Quaternion Convention

Format: (w, x, y, z)
Order: Scalar-first (w is the real part)
# Example quaternion (identity rotation)
identity = torch.tensor([1.0, 0.0, 0.0, 0.0])

# Always normalize after operations
quat = quat / torch.norm(quat, dim=-1, keepdim=True)

Joint Hierarchy

Joint indices correspond to character model definition:
<!-- Example character.xml -->
<joint name="pelvis" idx="0" />
<joint name="torso" idx="1" parent="0" />
<joint name="head" idx="2" parent="1" />
<joint name="right_thigh" idx="3" parent="0" />
<joint name="right_shin" idx="4" parent="3" />
<!-- ... -->
Joint rotations are in local space (relative to parent).

Contact Labels

Binary labels per body:
contacts[frame_idx, body_idx] = 1.0  # Contact
contacts[frame_idx, body_idx] = 0.0  # No contact
Typically contact detected when body is within threshold of ground:
contact = body_height < contact_threshold  # e.g., 0.05 meters

Loop Modes

CLAMP

Motion plays once and holds final pose:
time = 0.0
while time <= motion_length:
    frame = get_frame_at_time(time)
    time += dt

# After motion_length, keep returning last frame
final_frame = get_frame_at_time(motion_length)

WRAP

Motion loops seamlessly:
time = 0.0
while True:
    # Wrap time to [0, motion_length]
    wrapped_time = time % motion_length
    frame = get_frame_at_time(wrapped_time)
    time += dt
Root position offset added per loop:
loop_count = floor(time / motion_length)
root_offset = loop_count * (final_root_pos - initial_root_pos)
root_offset[2] = 0  # No vertical offset

final_root_pos = base_root_pos + root_offset
Source: PARC/anim/motion_lib.py:440-457

Dataset YAML Format

Multiple motion files organized in YAML:
motions:
  - file: "data/walk/walk_001.ms"
    weight: 1.0
  
  - file: "data/walk/walk_002.ms"  
    weight: 1.0
  
  - file: "data/run/run_001.ms"
    weight: 2.0  # Sample twice as often
  
  - file: "data/climb/climb_001.ms"
    weight: 0.5  # Sample half as often
Weights control sampling probability during training.
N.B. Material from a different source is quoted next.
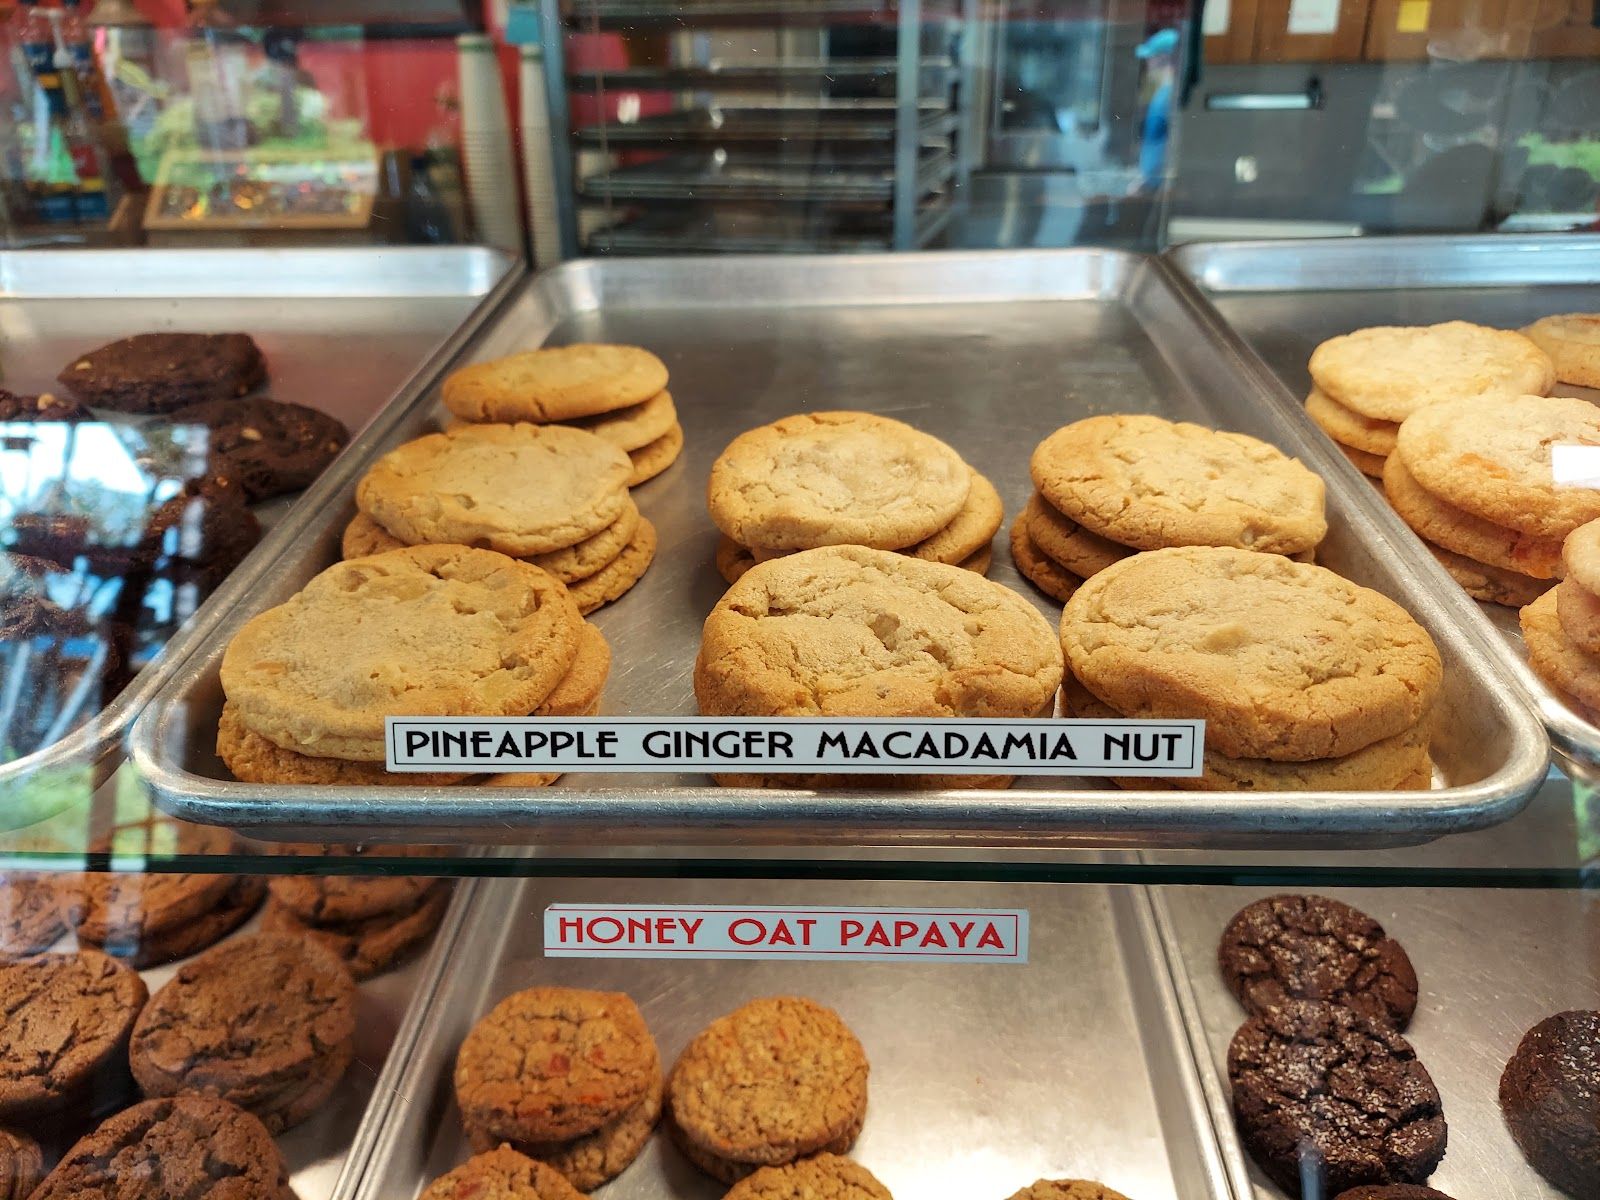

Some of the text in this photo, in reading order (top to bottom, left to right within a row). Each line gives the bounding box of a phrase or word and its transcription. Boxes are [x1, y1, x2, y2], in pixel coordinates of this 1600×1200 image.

[405, 730, 1183, 761] PINEAPPLE GINGER MACADAMIA NUT
[559, 917, 1006, 949] HONEY OAT PAPAYA
Source: PARC/anim/motion_lib.py:403-423

Motion Frames Utility Class

from parc.util.motion_util import MotionFrames

# Create
frames = MotionFrames(
    root_pos=root_pos,
    root_rot=root_rot,  
    joint_rot=joint_rot,
    body_pos=body_pos,  # Optional (from FK)
    body_rot=body_rot,  # Optional (from FK)
    contacts=contacts    # Optional
)

# Check dimensions
frames.assert_num_dims(2)  # (num_frames, ...)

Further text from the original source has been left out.